In what Secretary of State Mike Pompeo is calling a “sham” election, Venezuelan leader Nicolas Maduro was re-elected on Sunday, despite an abysmally paralyzed economy, starving people, and crushing national debt.
“Sunday’s process was choreographed by a regime too unpopular and afraid of its own people to risk-free elections and open competition,” Pompeo explained, vowing “swift economic and diplomatic actions.”
As many on the world stage look to the US to end the rule of Maduro’s socialist party in Venezuela, as the population of one of the most resource-rich nations on the planet struggles to survive amid severe poverty and starvation, Trump administration slapped Venezuela with new sanctions as a response to the questionable election.
The Washington Free Beacon‘s Susan Crabtree reports that a “new executive order bars U.S. citizens from being involved in sales of the country’s accounts receivable when it comes to oil and other assets,” which would prevent Venezuela from being able to sell off their debt to the US.
“However,” Crabtree continues, “the Trump administration stopped short of slapping tougher direct oil sanctions against the Maduro regime, a step that opposition leaders have pressed for and was widely anticipated to take place in the wake of Maduro’s orchestrated victory at the polls.”

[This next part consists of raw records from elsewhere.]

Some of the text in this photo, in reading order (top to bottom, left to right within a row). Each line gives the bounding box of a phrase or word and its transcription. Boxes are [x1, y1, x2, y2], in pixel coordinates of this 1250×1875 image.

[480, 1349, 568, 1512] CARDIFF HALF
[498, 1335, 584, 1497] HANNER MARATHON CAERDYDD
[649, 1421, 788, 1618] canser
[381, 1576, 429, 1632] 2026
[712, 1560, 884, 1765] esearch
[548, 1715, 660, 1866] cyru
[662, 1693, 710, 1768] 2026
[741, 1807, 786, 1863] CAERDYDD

“Targeted crude oil sanctions against Venezuela would cripple Maduro’s leftist administration, which is entirely dependent on crude sales to prop up its increasingly isolated and insolvent government,” she explains. “President Trump and top administration officials are wary of taking any action that would further hurt the Venezuelan people, who are already suffering from widespread food shortages brought on by the economic crisis.”
However, many critics of Venezuela’s government are urging the Trump administration to pursue the oil sanctions.

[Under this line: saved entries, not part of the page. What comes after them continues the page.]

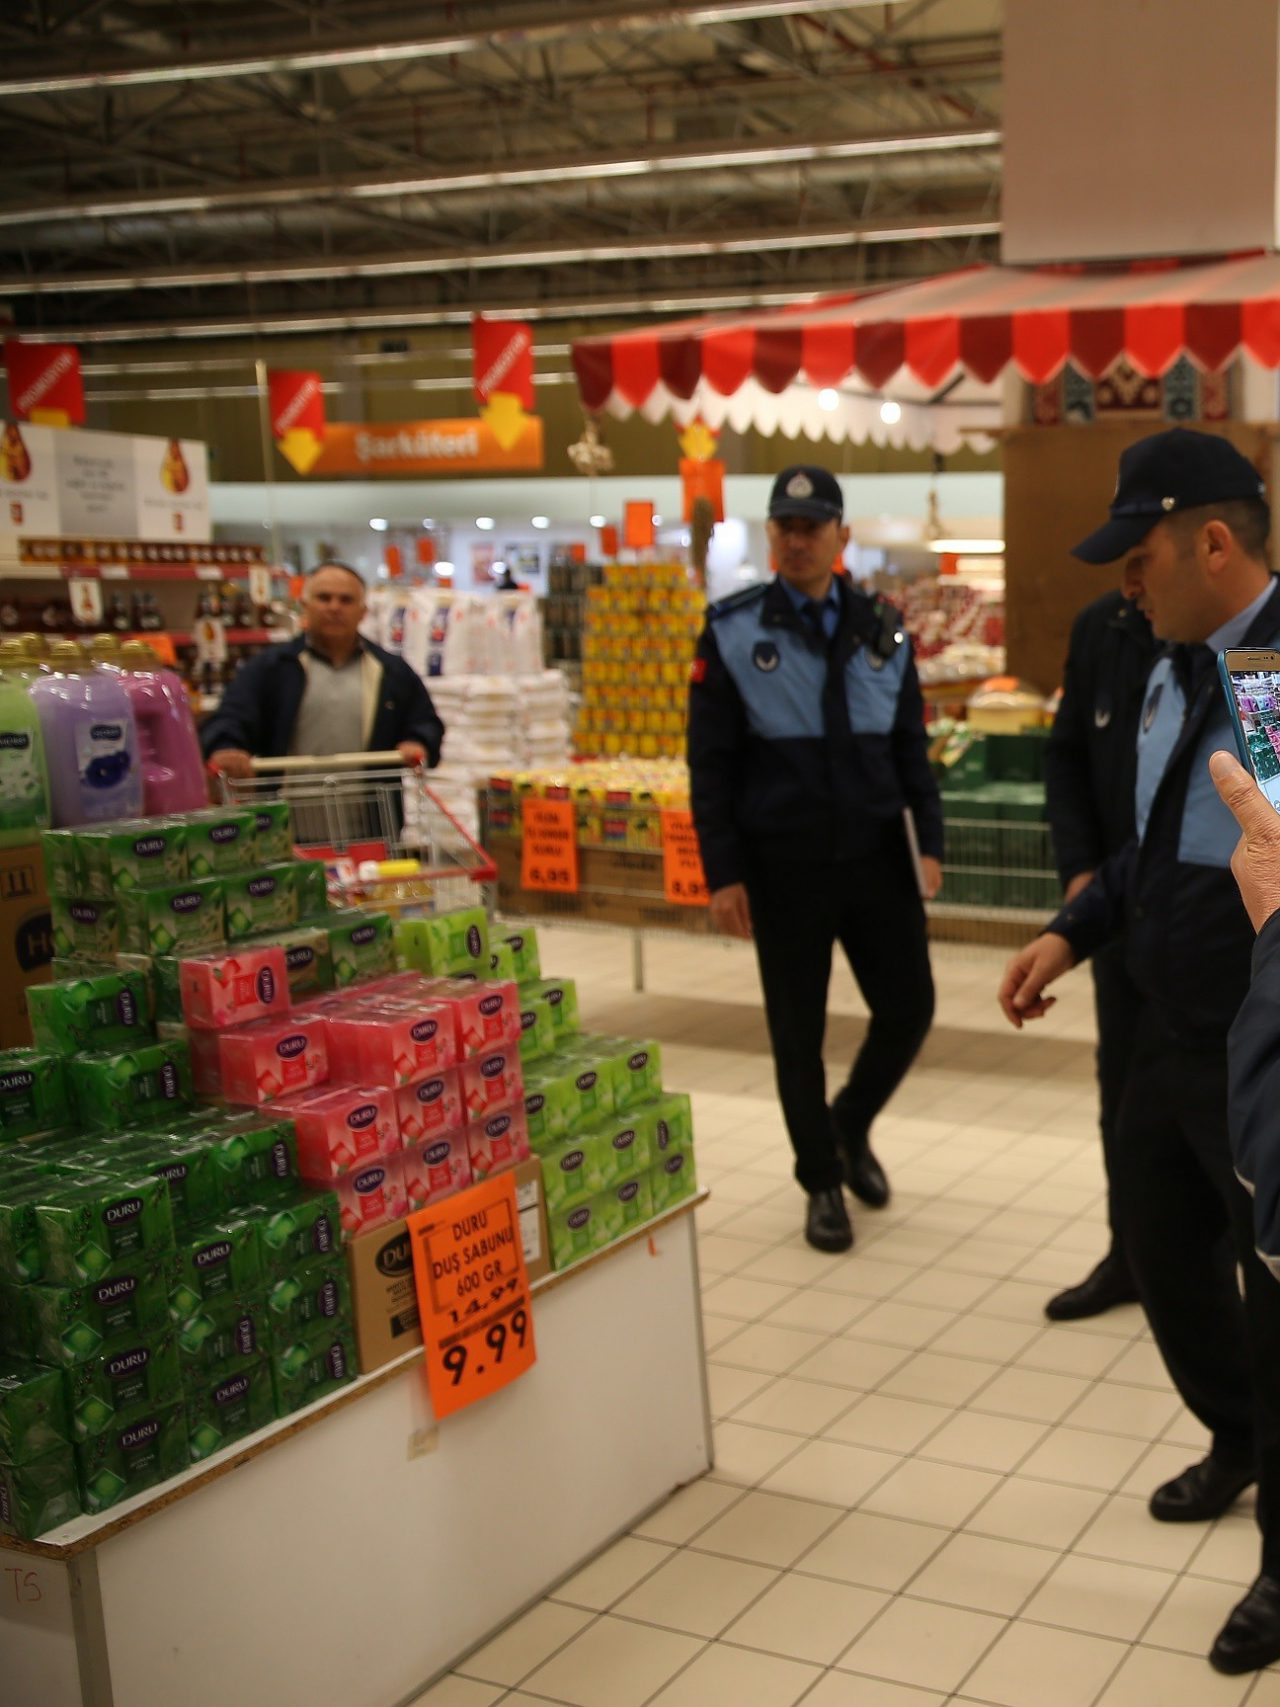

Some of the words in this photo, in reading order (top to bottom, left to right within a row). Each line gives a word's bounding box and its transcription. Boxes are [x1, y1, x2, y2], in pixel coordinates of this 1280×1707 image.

[158, 1166, 186, 1179] URU
[106, 1201, 141, 1222] DURU
[452, 1211, 489, 1242] DURU
[197, 1244, 230, 1265] DURU
[433, 1254, 460, 1280] DUŞ
[463, 1226, 514, 1266] SABUNU
[98, 1279, 135, 1300] DURU
[456, 1274, 480, 1297] 600
[483, 1260, 502, 1286] GR
[442, 1311, 528, 1387] 9.99
[109, 1352, 147, 1374] DURU
[216, 1378, 248, 1402] DURU
[122, 1423, 158, 1447] DURU

Enrique Altimari, an anti-Maduro activist who serves as the Latin American Studies fellow at the Victims of Communism Memorial Foundation, says that the Maduro regime would not be able to survive US oil sanctions.
“Oil is usually bought in advance, so the impact would be immediate, and within three months, the government would be already seriously damaged,” he told the Washington Free Beacon. “The opposition would use, not only for international pressure, but internal pressure to hopefully start a true dialogue to set the terms for [Maduro’s] way out of government and out of Venezuela.”
He also added that the sanctions were unlikely to hurt the Venezuelan people further, as Maduro usually uses oil income to fund his own government and military, unsurprisingly.
The Trump administration has not taken the possibility of oil sanctions off the table, and a senior Trump official said in a conference call on Monday that the entire region has an interest in putting an end to the Maduro regime.
“Everybody is truly together on this—there is unity in the hemisphere that is almost unprecedented,” the official said of how the region will deal with this “crisis of democracy.”
“The region has never seen a kleptocracy like this—a nation as wealthy [as Venezuela is] driven into an economic death spiral so quickly by such a group of individuals determined to enrich themselves at the expense of their people,” the official added.